On my brother Dave’s death, there was no conscious soul searching other than to wonder why it is that some people suffer needlessly on this earth. This refers both to Dave and our family because his well-being was our family’s well-being. Dave’s rocky journey on earth, with potholes, bumps and blind corners, affected the family as a whole. His final dead-end in the road, suicide, was the culmination of over 4 decades of stop-start.


A year after his death, it came to me.  In the words of the French writer, Marcel Proust, “The real voyage of discovery consists not in seeing new lands but in having news eyes”, one day I could see and discover. I realised that I had something he did not have in life. This was not something material or tangible. It was a freedom and independence: the ability to make my own decisions. Dave may have had the ability to make his final decision to end what remained of his tenuous life, but his adult life was beset with indecision, poor decisions, confusion and a constant inner chatter questioning the mundane to the very complicated. There were flashes of light and we delighted in these moments with him. But the daily decisions we take for granted, the ones that ebb and flow, were his inner enemy.

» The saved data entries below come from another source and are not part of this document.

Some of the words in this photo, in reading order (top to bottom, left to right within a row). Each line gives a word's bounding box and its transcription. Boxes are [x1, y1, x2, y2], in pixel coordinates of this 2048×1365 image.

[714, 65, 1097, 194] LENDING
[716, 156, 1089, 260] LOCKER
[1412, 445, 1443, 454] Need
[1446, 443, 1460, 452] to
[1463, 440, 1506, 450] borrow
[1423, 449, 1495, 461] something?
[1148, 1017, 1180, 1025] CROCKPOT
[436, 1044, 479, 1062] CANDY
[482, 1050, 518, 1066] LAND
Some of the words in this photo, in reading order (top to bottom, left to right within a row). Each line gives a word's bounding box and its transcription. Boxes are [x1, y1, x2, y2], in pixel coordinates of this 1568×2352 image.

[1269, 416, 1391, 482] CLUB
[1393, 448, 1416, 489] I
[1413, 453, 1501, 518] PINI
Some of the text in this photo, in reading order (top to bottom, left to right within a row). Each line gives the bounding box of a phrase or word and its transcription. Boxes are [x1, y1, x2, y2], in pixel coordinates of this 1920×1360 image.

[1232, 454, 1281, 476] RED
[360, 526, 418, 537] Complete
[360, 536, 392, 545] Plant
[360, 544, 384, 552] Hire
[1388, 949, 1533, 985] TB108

Unlike him, I could make daily decisions of where to go, what to do.  My final decision was to emigrate because I had “new eyes” and not because I could see “new lands”. I had held back for many years. I wanted to be around in case I could share in his ecstasy of finding meaning and purpose. I also stayed to share his pain and his anguish. The guilt of moving far away and abandoning him was gone, and with my parents’ blessing, I was able to uplift a life in Cape Town and head to London. A long held dream of mine and Husband, knowing that I would not have to be around for the call saying that he had died.


In the book “Unnatural Causes” by forensic pathologist, Dr Richard Shepherd says: “I can comment that…death is finally an experience of supreme release and relaxation….I’ve come to the conclusion that when it happens, death is probably actually pleasurable”. I recall the words of the social worker at the scene of his death. She said his flat was ordered and peaceful. He looked asleep and there was no struggle. I am comforted that for him, death was his peaceful exit plan. In death, he did not see new lands, but with new eyes, found a way to move on.

Dave’s favourite book as a child.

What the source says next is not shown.